Though no human characters disturb the natural world of The Nature Book, Comitta reminds the reader that nature isn’t tranquil. Storms rage. Lightning strikes. One such storm leaves several pheasants slaughtered. Nature fears for its life, whether it is “the river’s babbling (which) sounded like the call of a liquid throat waiting, just waiting for the world to end,” or the beaver that seeks escape from the otter.
The language often tends toward the apocalyptic; the end of the world is mentioned at least five times in the novel. But beginnings also proliferate, such as the river which was “like traveling back to the earliest beginnings of the world, when vegetation rioted on the earth and the big trees were kings.” In short, the language reflects the scope of the novel, which is epic, spanning from the lowest depths of the ocean to the outer reaches of the universe, from darkness to darkness, creation to apocalypse.

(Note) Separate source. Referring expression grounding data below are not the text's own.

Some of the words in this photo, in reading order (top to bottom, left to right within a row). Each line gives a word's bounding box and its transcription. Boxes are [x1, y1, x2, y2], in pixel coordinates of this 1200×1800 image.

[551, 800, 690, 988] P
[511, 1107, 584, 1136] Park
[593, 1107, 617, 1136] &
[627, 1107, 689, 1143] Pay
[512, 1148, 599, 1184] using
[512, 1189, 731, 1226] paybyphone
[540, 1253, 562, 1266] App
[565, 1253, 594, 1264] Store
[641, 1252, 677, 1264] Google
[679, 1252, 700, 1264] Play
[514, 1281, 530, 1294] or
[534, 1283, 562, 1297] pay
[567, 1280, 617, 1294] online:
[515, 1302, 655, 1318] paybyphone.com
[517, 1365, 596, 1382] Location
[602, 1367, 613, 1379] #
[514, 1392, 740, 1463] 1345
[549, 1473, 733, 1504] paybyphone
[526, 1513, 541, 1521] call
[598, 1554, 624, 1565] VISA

While the focus and scope of The Nature Book is impressive, it is Comitta’s skill with scenes and language that make the novel shine. As a book composed of words pilfered from other writers, Comitta’s is a unique voice. Language patterns emerge. Sentence length is varied beautifully and the shifts between sometimes near-florid description and action allow the reader to remain involved in the scene. Involved, that is, as an observer of Comitta’s humanless world.

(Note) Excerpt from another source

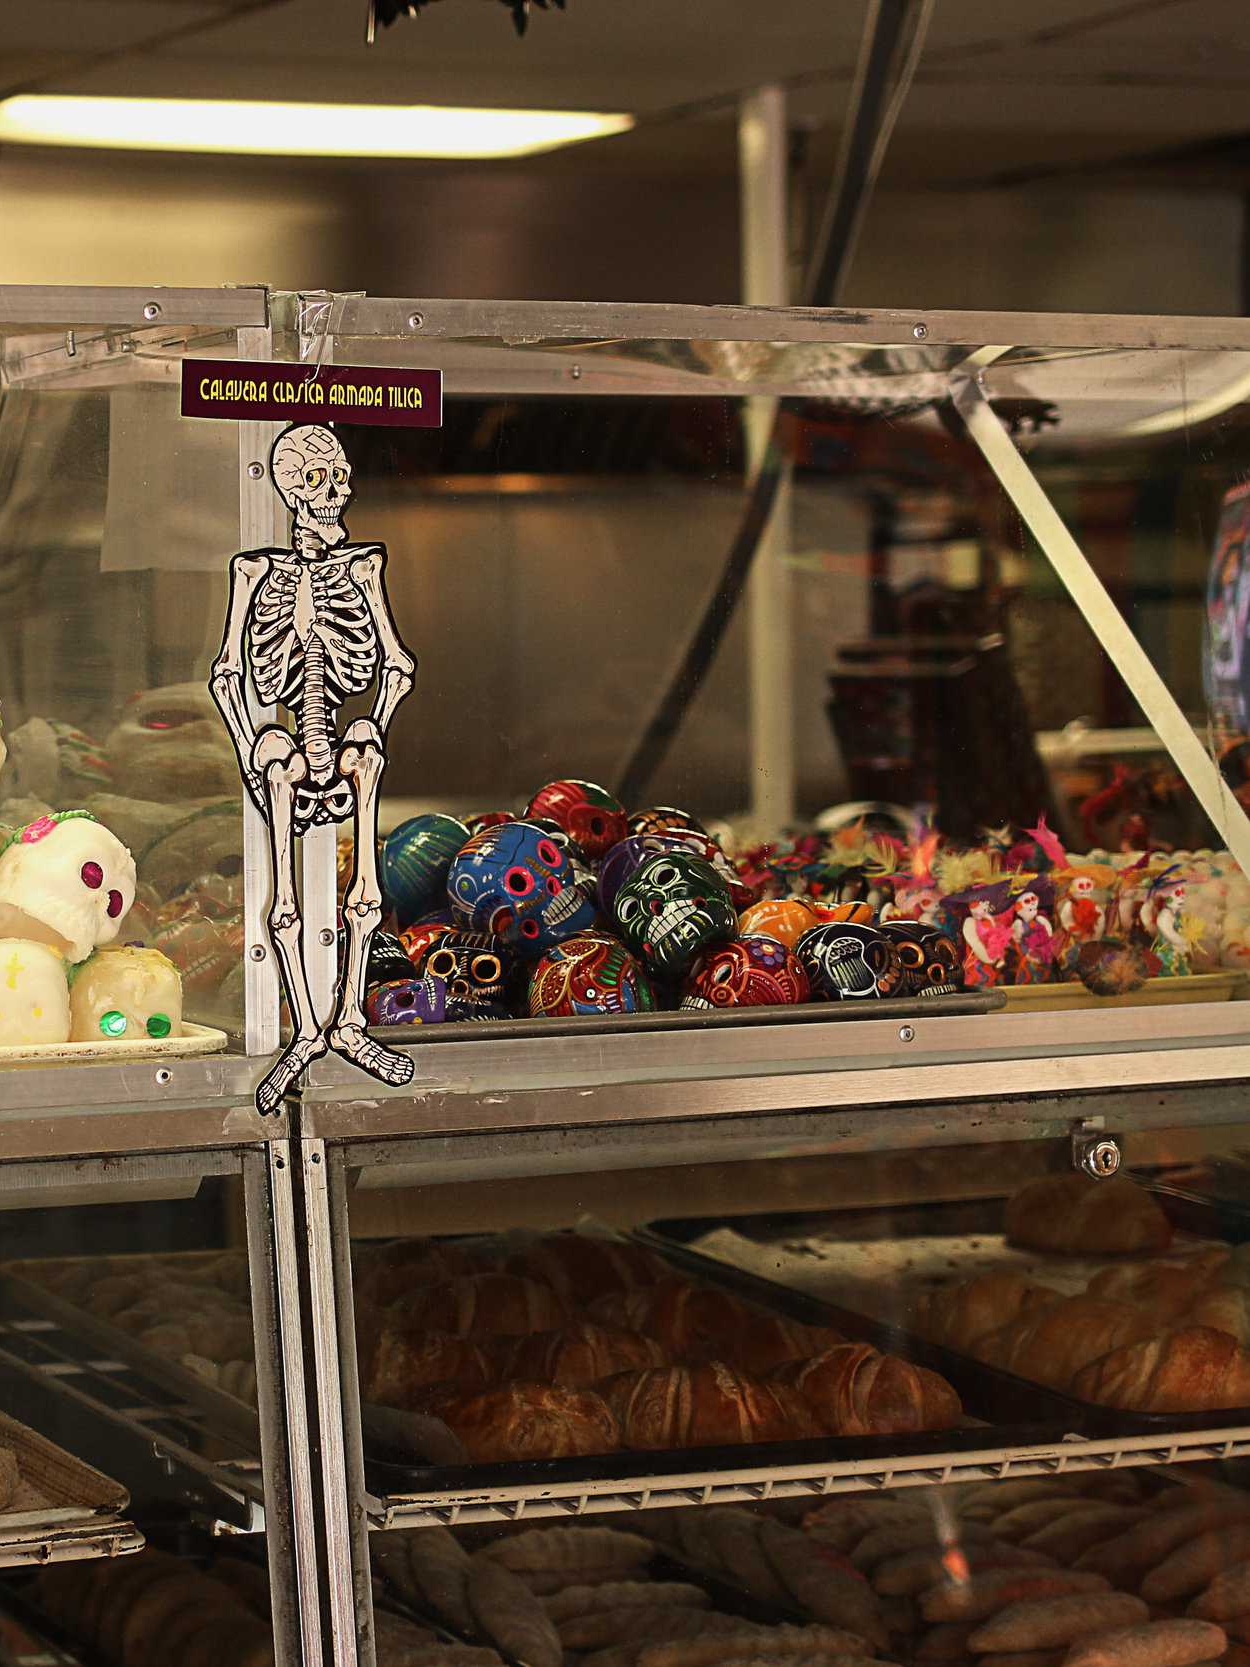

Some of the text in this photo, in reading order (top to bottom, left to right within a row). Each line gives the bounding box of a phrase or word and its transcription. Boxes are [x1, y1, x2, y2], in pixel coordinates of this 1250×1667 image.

[199, 378, 423, 409] CALAVERA CLASICA ARMADA TILICA

Comitta zooms in and out of scenes, at one moment zooming in on a frigate bird and at another swooping over magnificent mountains. The music and repetition is masterful such as this description in Part II: “The bark of the trunks was green and the cheeks of the flowers were green. In fact, it was chlorophyll heaven. A green to outshine food colouring and flashing neon lights. A green to get drunk on.” Like Philip Glass’s soundtrack to Godfrey Reggio’s Quatsi trilogy, Comitta’s language composes a tone poem to accompany and drive his sweeping scenes.
The Nature Book transitions through time and space, from origins to endings, from forests to ocean depths, to the jungles, deserts and even outer space, allowing the reader to lose themself in descriptions of place.
In his essay “Landscape and Narrative,” the late Barry Lopez speaks of this “external landscape,” which is composed of the world around us: plants, animals, weather, and geology. He compares it to the “internal landscape,” which is, “a kind of projection within a person of a part of the exterior landscape.” With no characters in The Nature Book to represent how “the interior landscape responds to the character and subtlety of an exterior landscape,” Comitta asks the reader to become the character, to observe what Lopez terms “the line and color of the land,” and to allow their internal landscape their scope of the world, to be shifted, to change.